I stopped looking at the clock when I woke in the night. I covered it with a folded washcloth. The act of calculating "I have four hours and twenty-two minutes left" is its own form of arousal, and I was doing it eighteen times a night.
I gave up the idea that bad sleep was an emergency. On the nights it doesn't come — and there are still nights — I read, slowly, in the chair by the window. I drink something warm. I do not catastrophize. The next day is a little harder and then it passes.
I made my bedroom quieter and my evening softer. I keep a fan running for white noise. I put my phone in the kitchen at nine. I read a real book in dim lamplight for thirty minutes. None of this is novel. All of it works because I do it most nights, not because I do it perfectly.
I take grief seriously as a sleep disruptor. The first year after Harold, my insomnia wasn't a sleep problem. It was a grief problem wearing a sleep costume. The body knows. If you are in a season of fresh loss, please be patient with the sleep, and please be honest with someone — a counselor, a friend, a support group for caregivers and the recently widowed — about what is actually keeping you awake.
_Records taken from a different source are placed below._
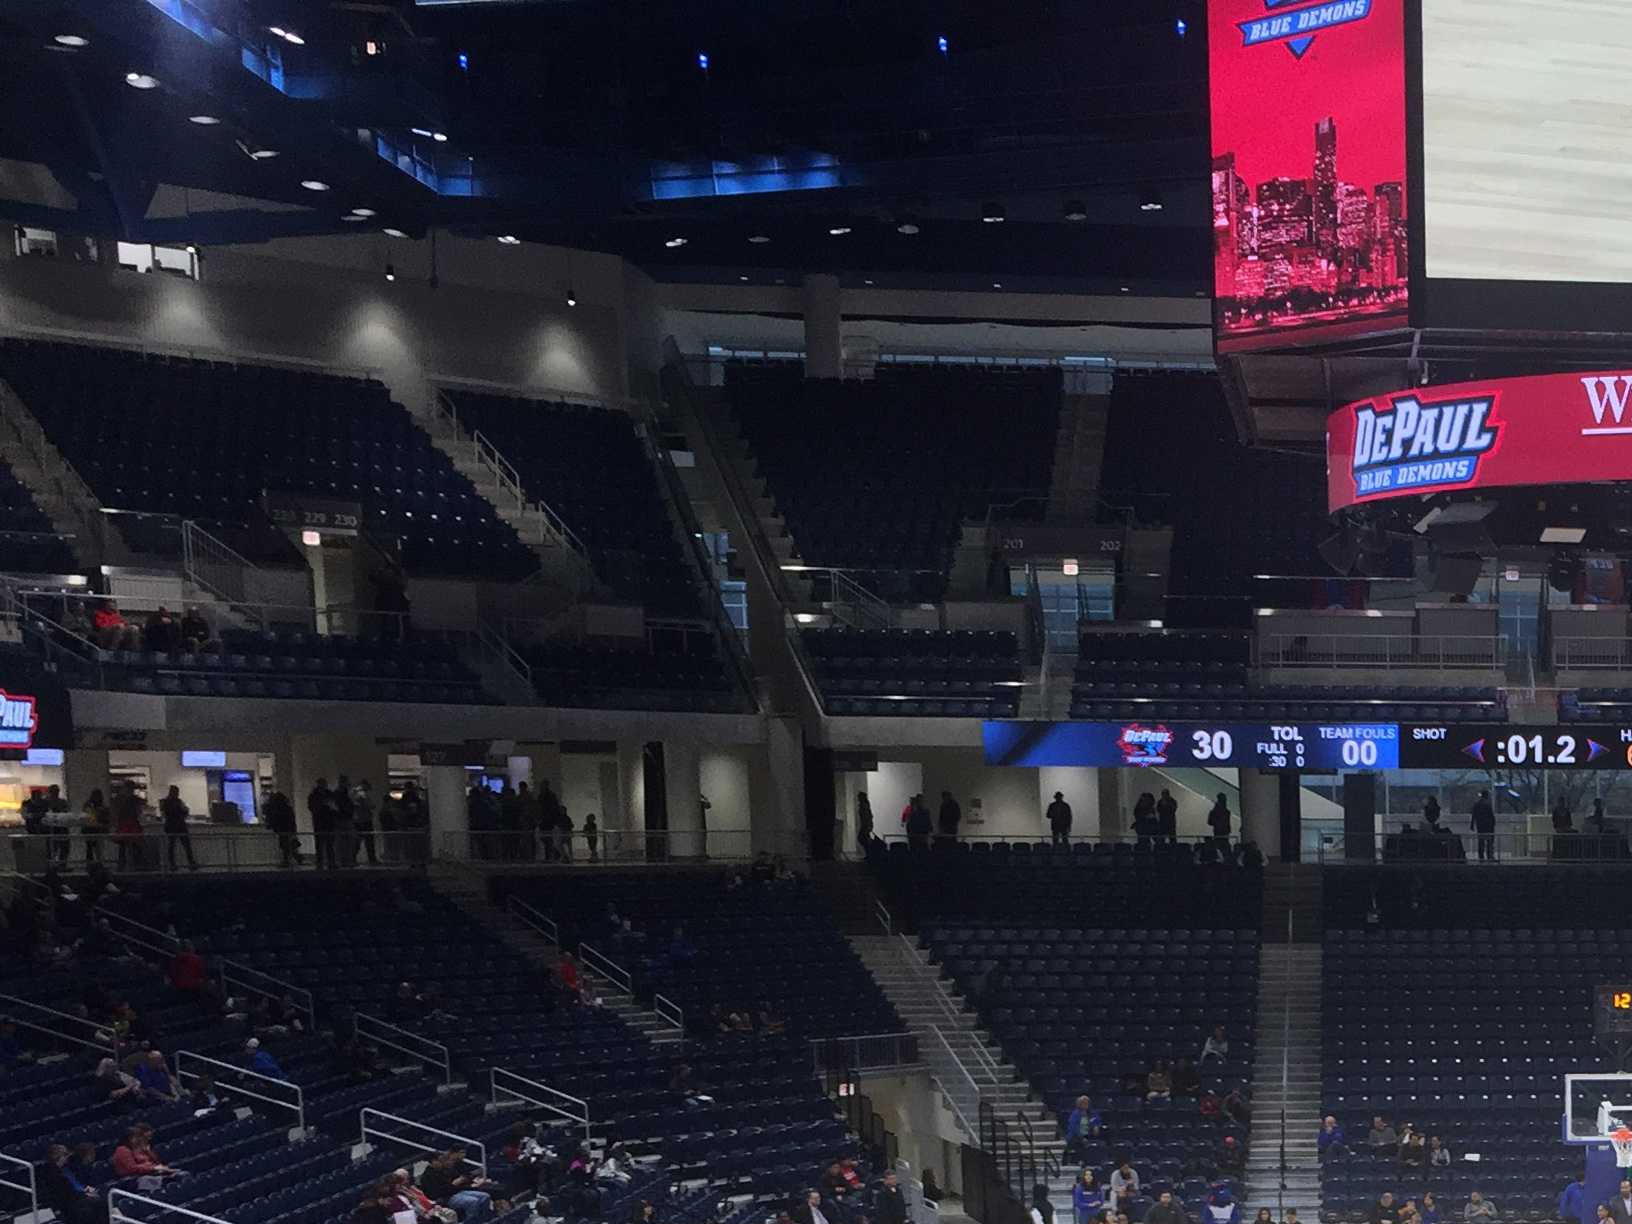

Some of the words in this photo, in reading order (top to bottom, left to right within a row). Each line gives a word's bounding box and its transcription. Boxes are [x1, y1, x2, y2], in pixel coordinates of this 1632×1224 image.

[1250, 17, 1292, 41] BLUE
[1297, 0, 1365, 29] DEMONS
[1360, 469, 1393, 491] BLUE
[1397, 460, 1470, 485] DEMONS
[1099, 540, 1121, 551] 202
[1271, 726, 1304, 741] TOL
[1319, 727, 1353, 739] TEAM
[1355, 727, 1396, 739] FOULS
[1412, 728, 1447, 740] SHOT
[1192, 730, 1232, 760] 30
[1257, 743, 1288, 755] FULL
[1295, 743, 1305, 755] 0
[1496, 734, 1576, 764] :01.2
[1342, 740, 1377, 766] 00
[1295, 756, 1305, 767] 0
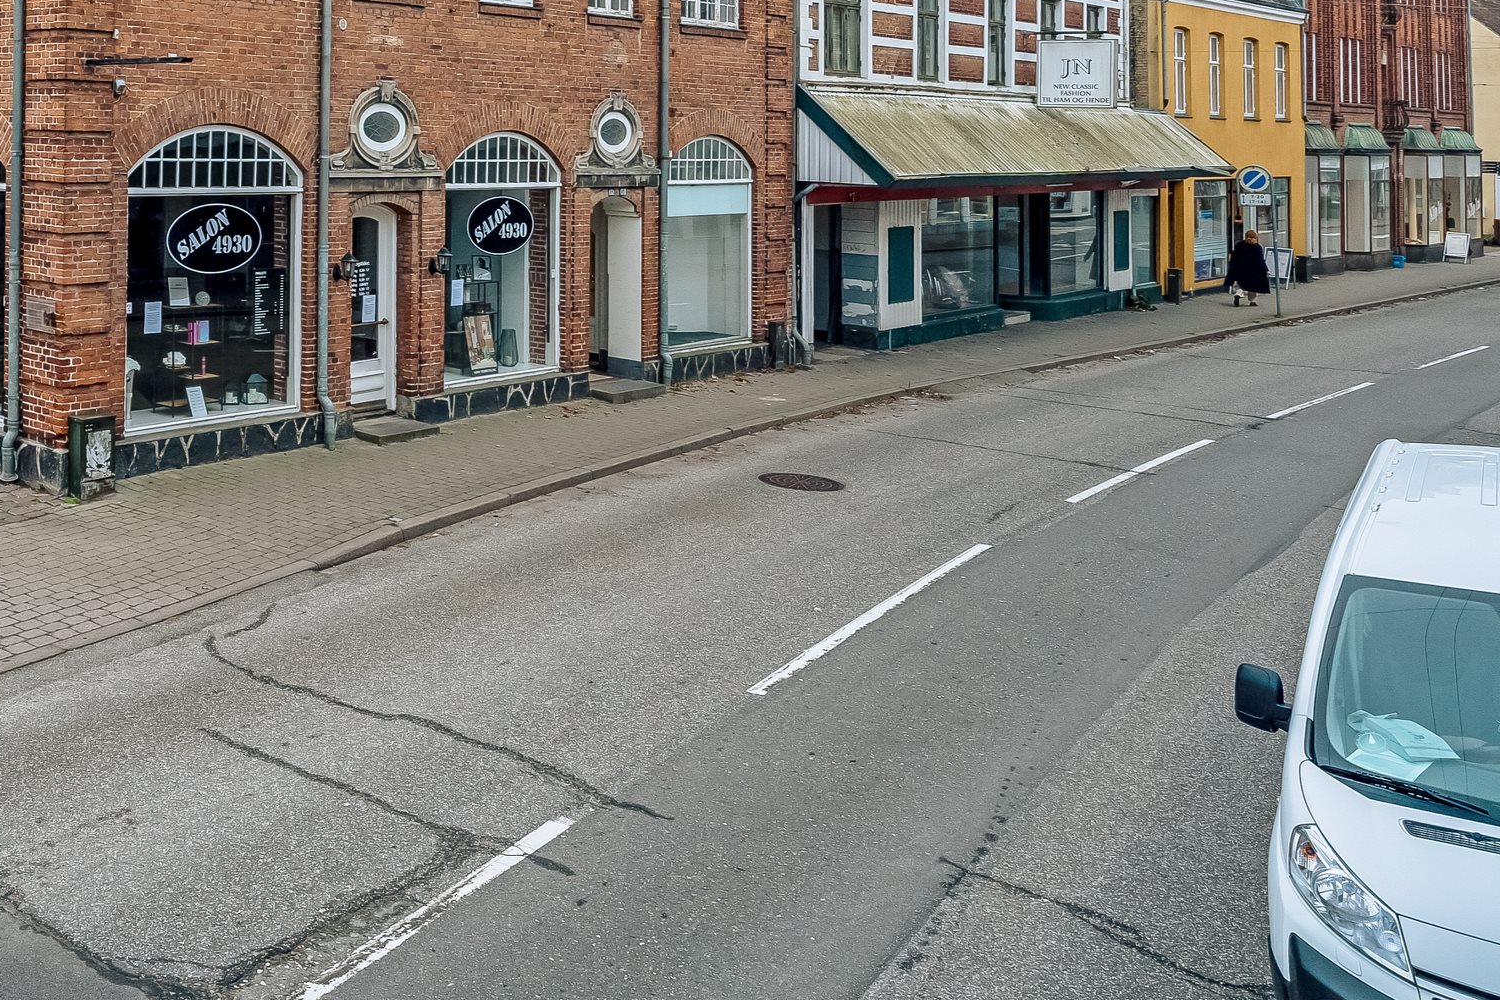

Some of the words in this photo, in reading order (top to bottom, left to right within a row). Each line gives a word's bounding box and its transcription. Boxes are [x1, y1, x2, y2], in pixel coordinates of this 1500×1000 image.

[1060, 58, 1092, 79] JN
[474, 200, 511, 244] SALON
[498, 222, 528, 239] 4930
[176, 208, 230, 260] SALON
[211, 234, 252, 254] 4930
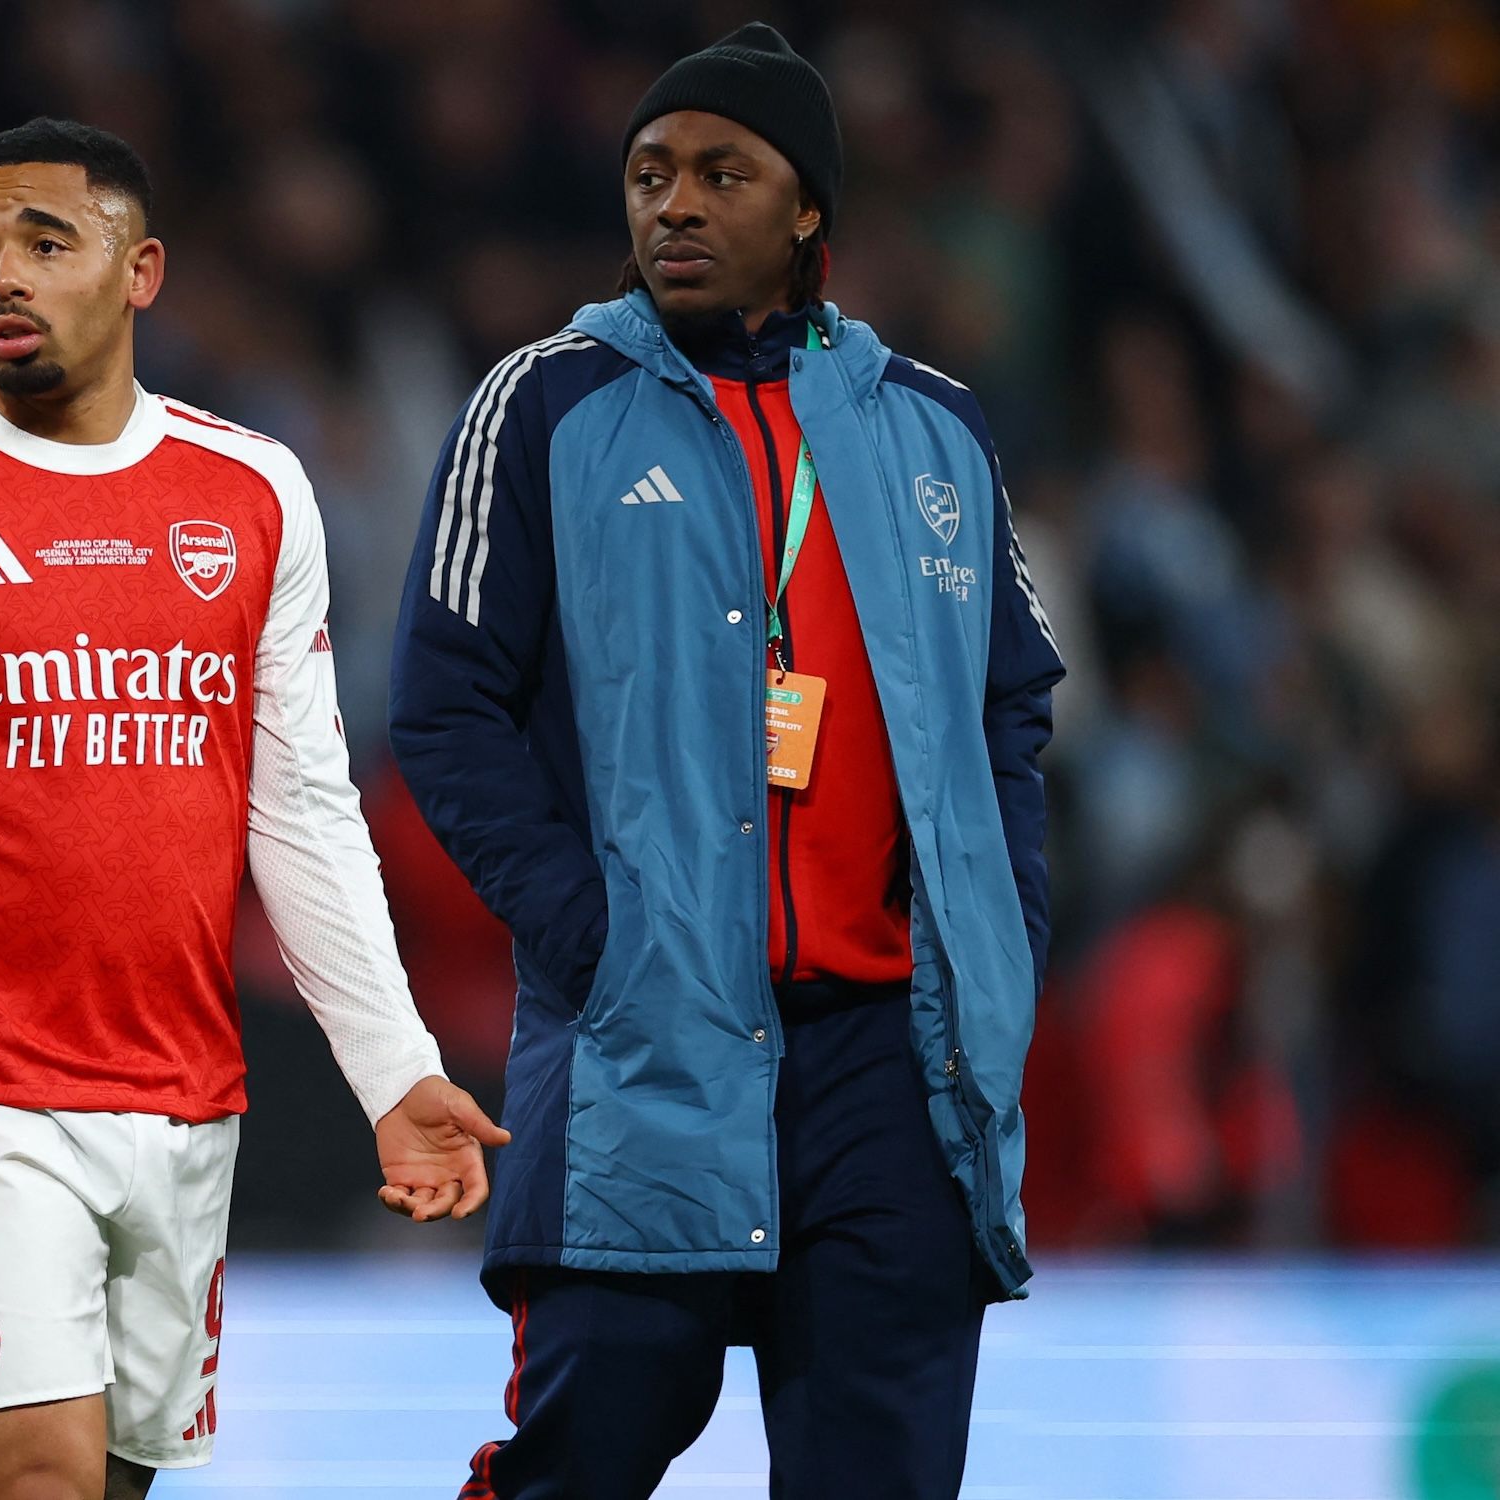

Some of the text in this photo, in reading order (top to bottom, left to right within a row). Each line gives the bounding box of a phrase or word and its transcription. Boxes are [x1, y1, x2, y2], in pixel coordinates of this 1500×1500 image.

[52, 540, 133, 549] CARABAO CUP FINAL
[179, 533, 227, 549] Arsenal
[35, 550, 71, 558] ARSENAL
[81, 549, 133, 557] MANCHESTER
[135, 549, 153, 557] CITY
[44, 557, 147, 566] SUNDAY 22ND MARCH 2026
[919, 556, 976, 584] Emtes
[6, 713, 210, 769] FLY BETTER
[767, 766, 797, 779] CCESS
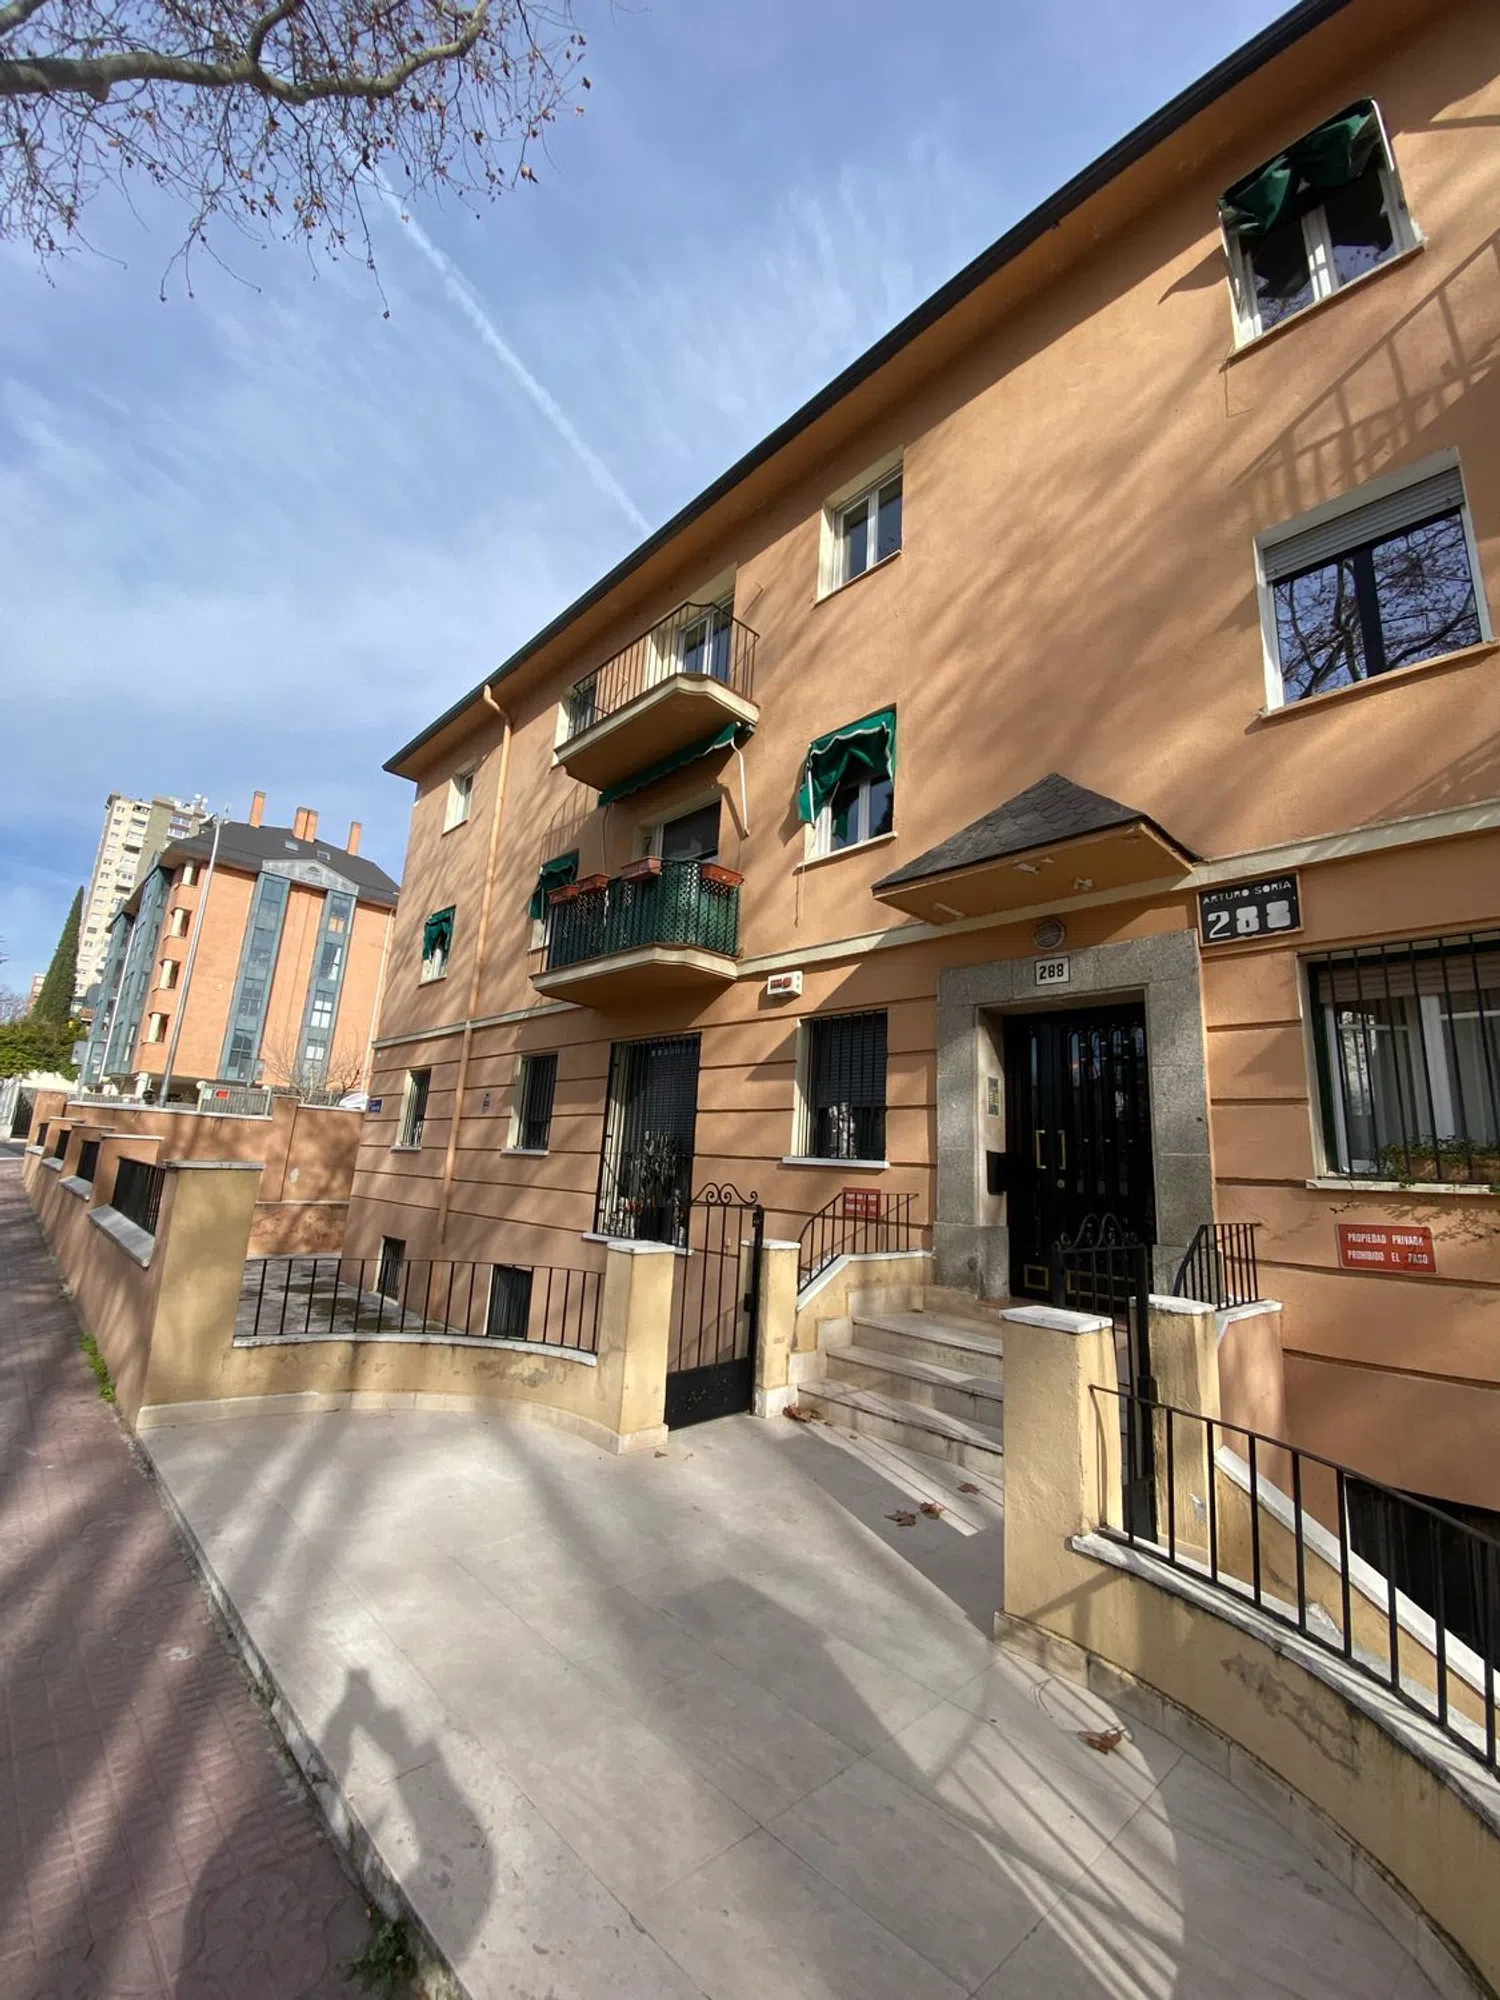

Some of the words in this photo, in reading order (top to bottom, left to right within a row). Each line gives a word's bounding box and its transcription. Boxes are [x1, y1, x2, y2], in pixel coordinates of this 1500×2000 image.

[1202, 889, 1250, 905] ARTURO
[1254, 881, 1292, 894] SORIA
[1208, 900, 1291, 938] 288
[1039, 963, 1064, 980] 288
[1348, 1233, 1387, 1244] PROPIEDAD
[1392, 1234, 1423, 1246] PRIVADA
[1347, 1250, 1384, 1261] PROHIBIDO
[1391, 1252, 1400, 1263] EL
[1408, 1253, 1428, 1264] PASO
And I send people, when it is right, to two places I trust here on this site: a deeper walk through the components of CBT-I and how to access it, and the companion piece I wrote on grief after losing a spouse — what nobody tells you, because for many of us at this age the sleep problem and the grief problem are wearing each other's clothes. Read whichever calls to you tonight.
What I tell Marlene
I told Marlene last Thursday what I am telling you. The Tylenol PM is not nothing — it is doing something to her brain that her brain at seventy-three does not need done to it. There is a real treatment, available through her insurance, that almost no one offered her. Six and a half hours with one wake-up at her age is not a failure. And the sleep she had at forty-two is gone, and grieving that quietly might be more useful than fighting it.
She cried a little. I did too. We are not strangers — Marlene was at Harold's funeral, sat in the third row, and brought a casserole afterward that I ate cold standing at the kitchen counter at two in the morning because I couldn't sleep.
I don't know if she will follow through on the referral. I think she might. But what I told her, and what I want to tell you, is that the goal at our age is not to sleep like a thirty-five-year-old. It is to sleep like a healthy seventy-three-year-old, and to stop carrying shame about the difference. Rest is still possible. Some of it just looks different than it used to. We are not failing. We are simply older, and the older body asks for a softer bargain than we were taught to make.
Sleep, like grief, has its own schedule. We cannot bully it. We can only show up, night after night, with a little less fear and a little more honesty about what is actually keeping us awake.
That is the work. It is enough.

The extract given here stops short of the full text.